You could see this as a compliment that DH would like to spend time with you just as a couple?

Iamallatsea · 12/11/2019 00:18

I don’t get this difference between the attitude towards your DM or DMIL. I have a grand daughter aged 3 who stays over usually one night every couple of months. My son and his partner lived with us until she was 6 months so we were a big part of her life from the start. Sadly my son and his partner split up but we luckily have a good relationship with his ex, sometimes we look after our granddaughter on her mum’s time at her request sometimes on her dad’s time, if he has, very rarely, something on when he has her EOW. Sometimes we ask to have her because we just love spending time with her, she absolutely loves her grandad, in particular, so much.
I’m the same person looking after the same child but i’m DM for some of those times but DMIL ( the equivalent) the other times.
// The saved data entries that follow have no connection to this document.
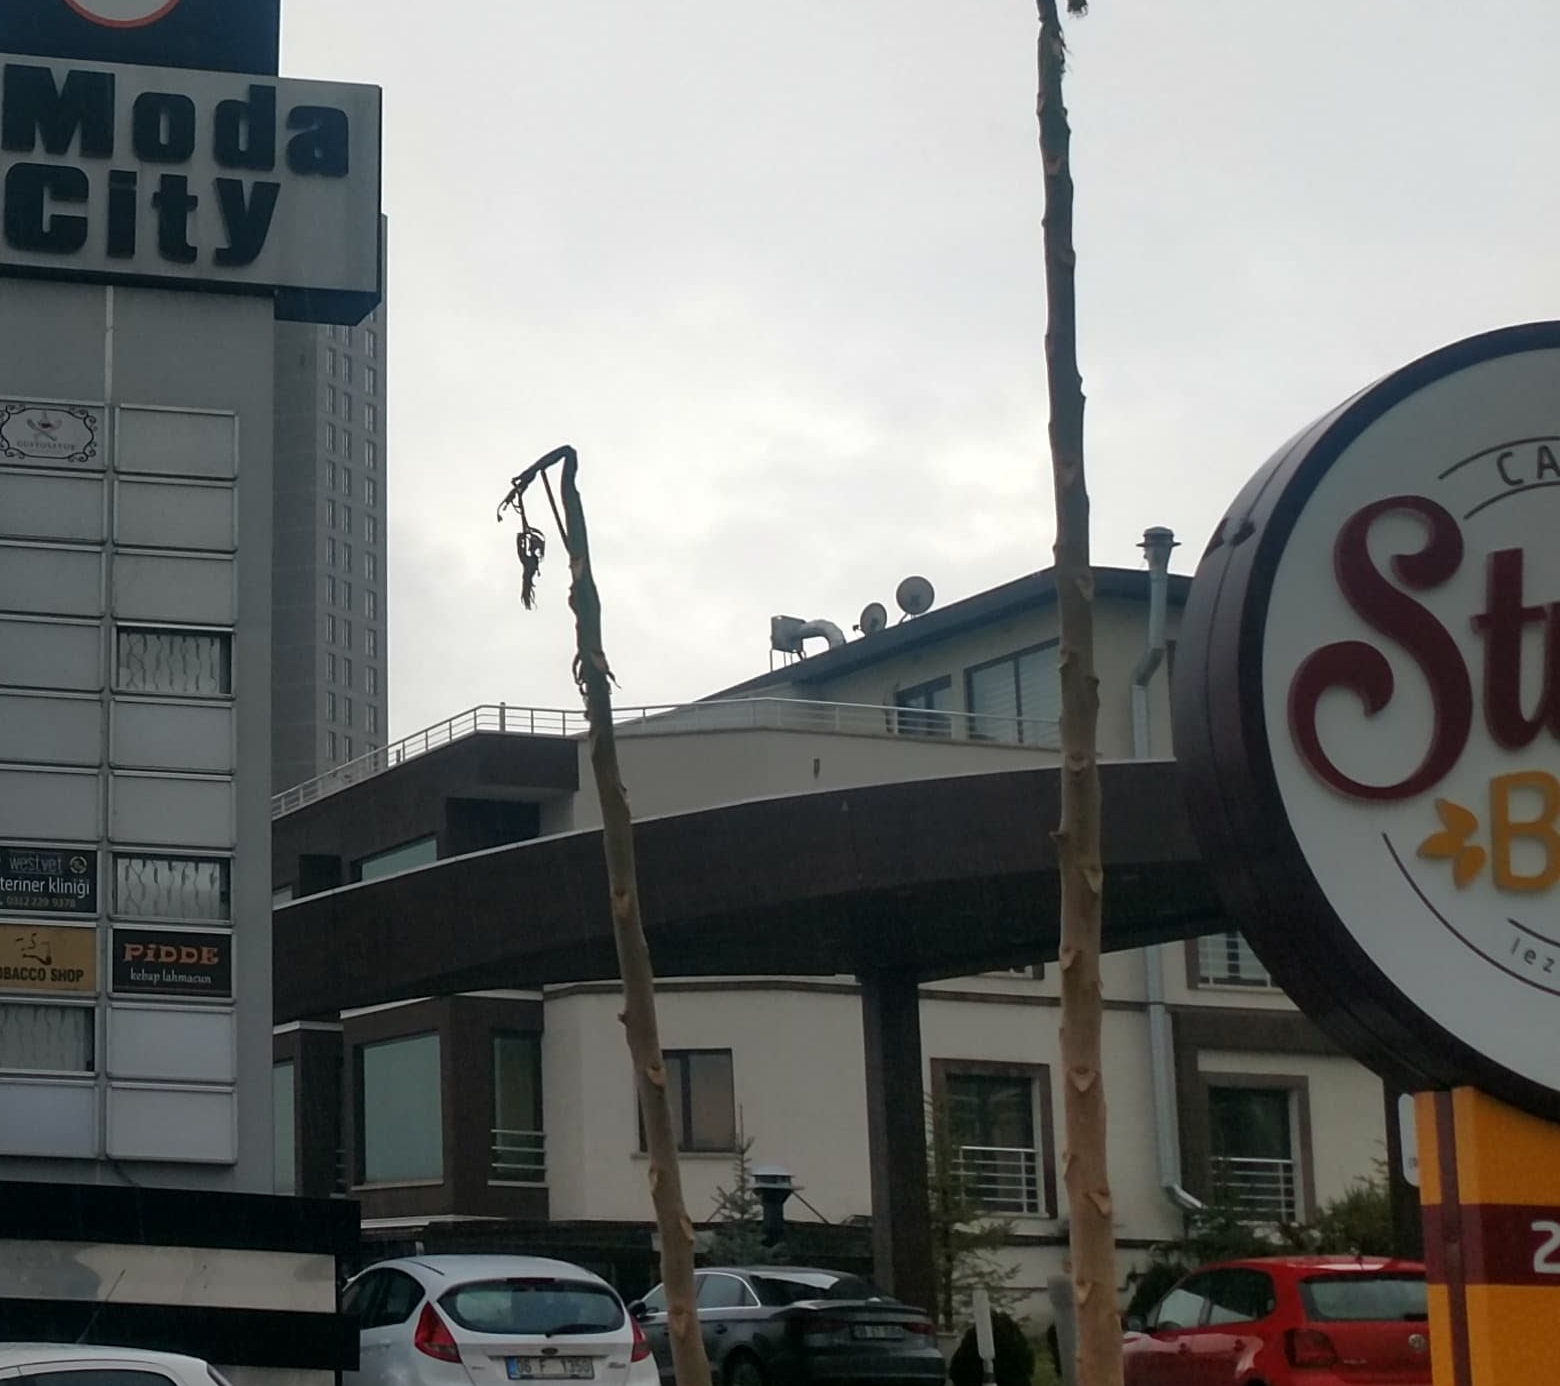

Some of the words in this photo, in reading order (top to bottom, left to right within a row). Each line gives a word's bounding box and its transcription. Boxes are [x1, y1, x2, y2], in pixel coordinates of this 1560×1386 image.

[1, 63, 350, 179] Moda
[2, 162, 282, 269] City
[1287, 494, 1560, 804] St
[48, 876, 90, 899] kliniği
[50, 968, 85, 983] SHOP
[130, 967, 161, 986] kebap
[162, 968, 212, 984] lahmacun
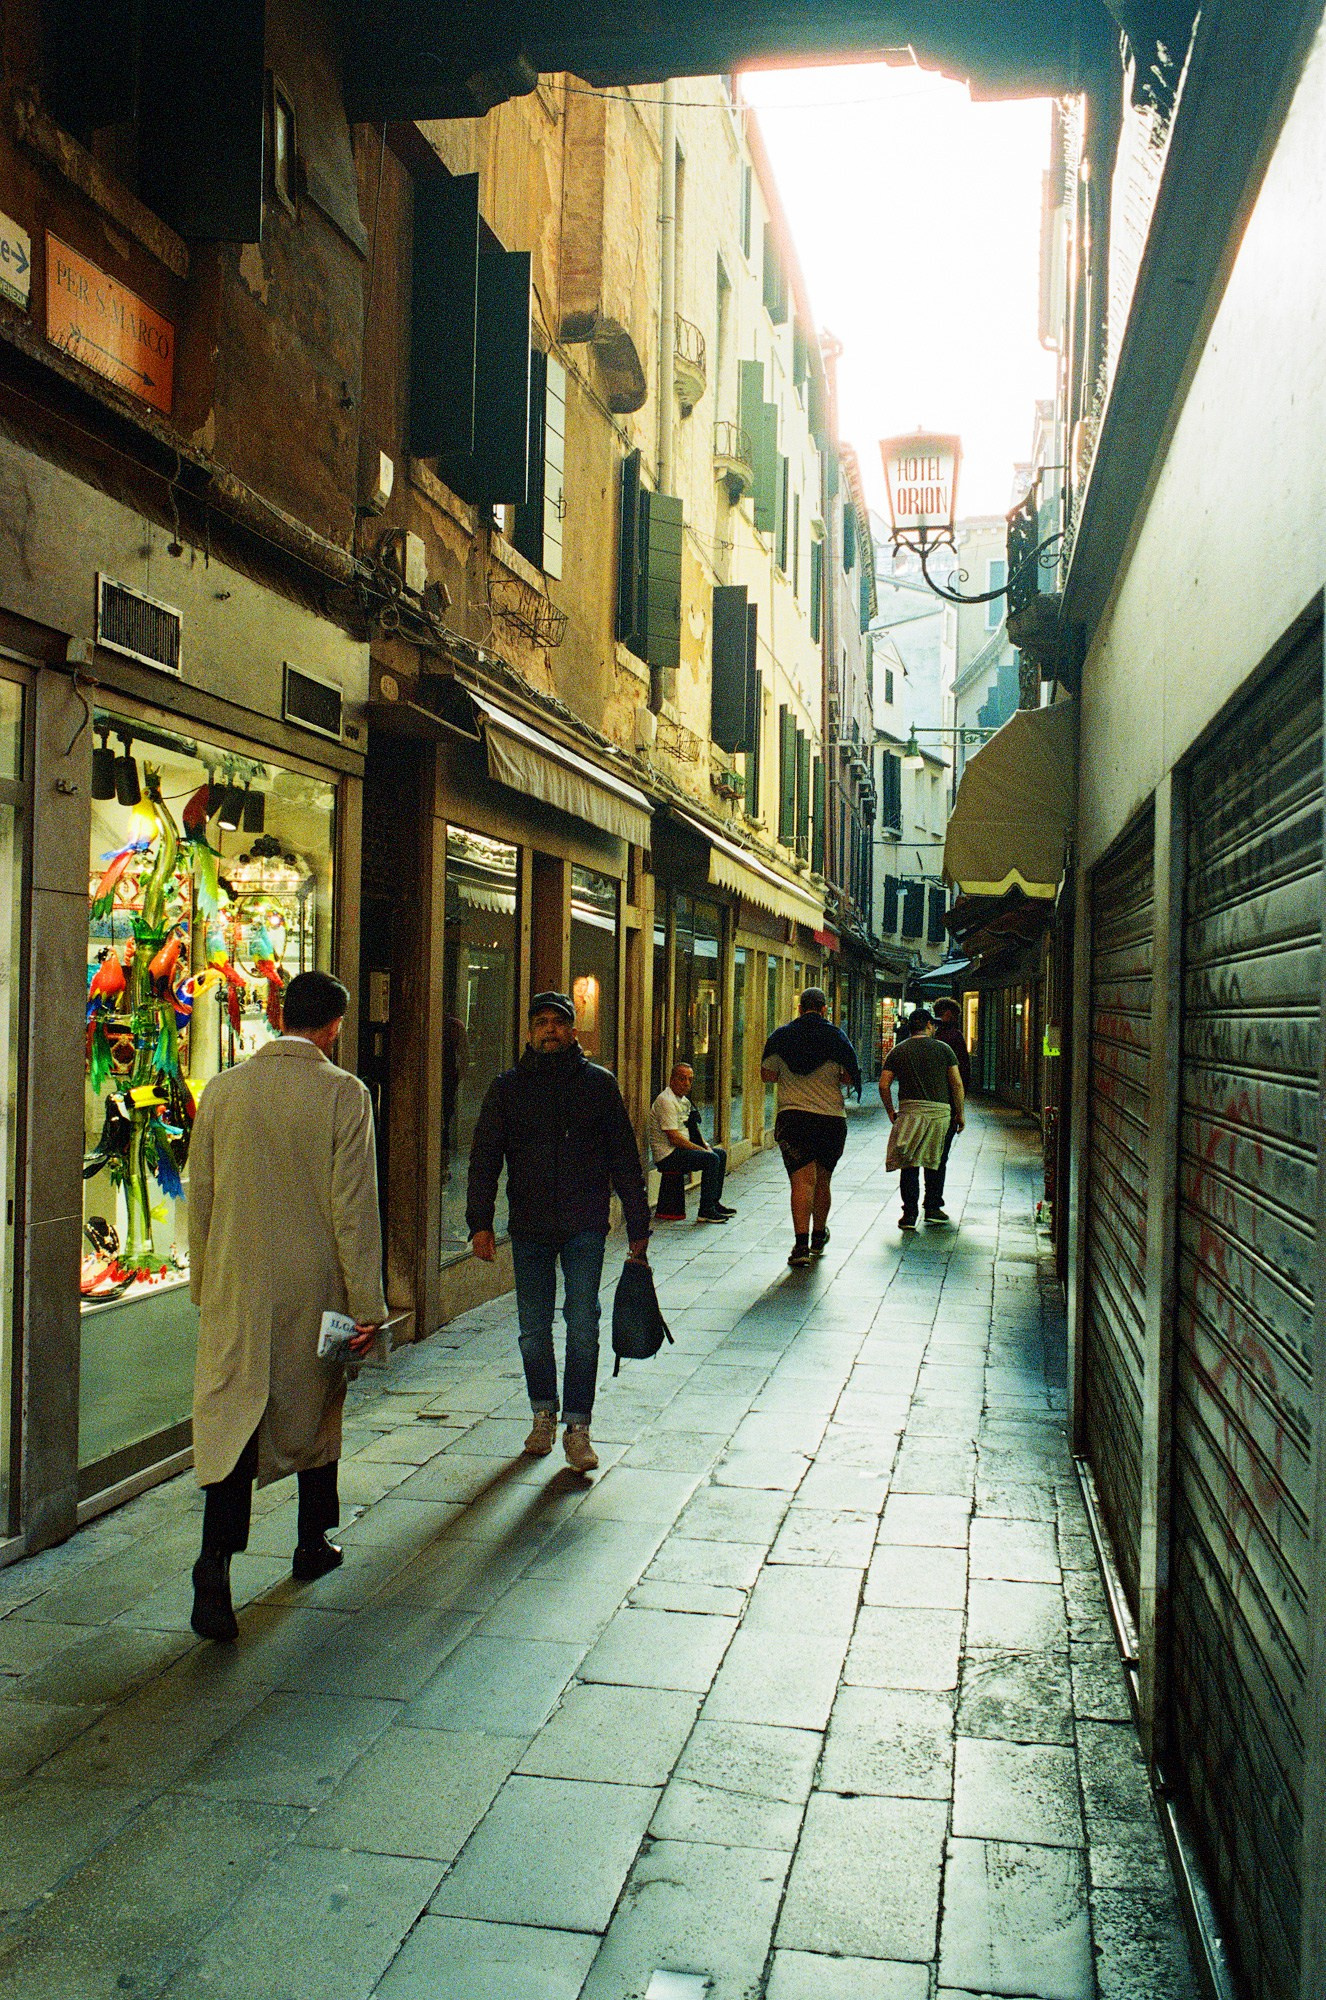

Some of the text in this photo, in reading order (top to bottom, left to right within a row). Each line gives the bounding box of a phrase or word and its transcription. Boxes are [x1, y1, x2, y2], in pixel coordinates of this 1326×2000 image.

[57, 259, 90, 306] PER
[110, 297, 169, 359] MARCO
[897, 456, 945, 482] HOTEL
[897, 486, 948, 516] ORION
AhNowTed · 12/11/2019 00:19

@Hotwaterbottle01

Where I have issue with your position is you state that you know how your mum parented you. But what you're not acknowledging is that the MIL parented the father. And she has as much ' right' to be a hands on granny as the mothers mum does.

It bothers me that the mother feelings override the fathers when it comes to granny's involvement, like her wishes usurp those of her husband, just because she's the mother.

Zofloramummy · 12/11/2019 00:30

It’s too much of a jump from the current contact to a whole weekend. My mum (no in-laws as they had passed away) had my dd one day a week from 6 months old to help with childcare, and because although she lives 25 miles away she wanted a strong bond with her. That has now changed into one night at a weekend once a month because both dd and my mum didn’t want to lose that special relationship when she started school.

It gives me some time to blitz the house and some headspace (lone parent) and they really enjoy it.

But that is my situation, what does your DH think about it?

JenniferM1989 · 12/11/2019 00:31

I would be quite happy with the freedom one weekend a month to be honest. I love my son more than words can describe but a weekend where he goes off with grandma and I can watch TV and eat without being poked in the back constantly sounds like heaven 😂

Beveren · 12/11/2019 00:32

Ignore her unless this is a specific request which your DH thinks he has to answer. If he does, tell him you expect him to tell his mother that HE (not you) is not prepared to agree to this.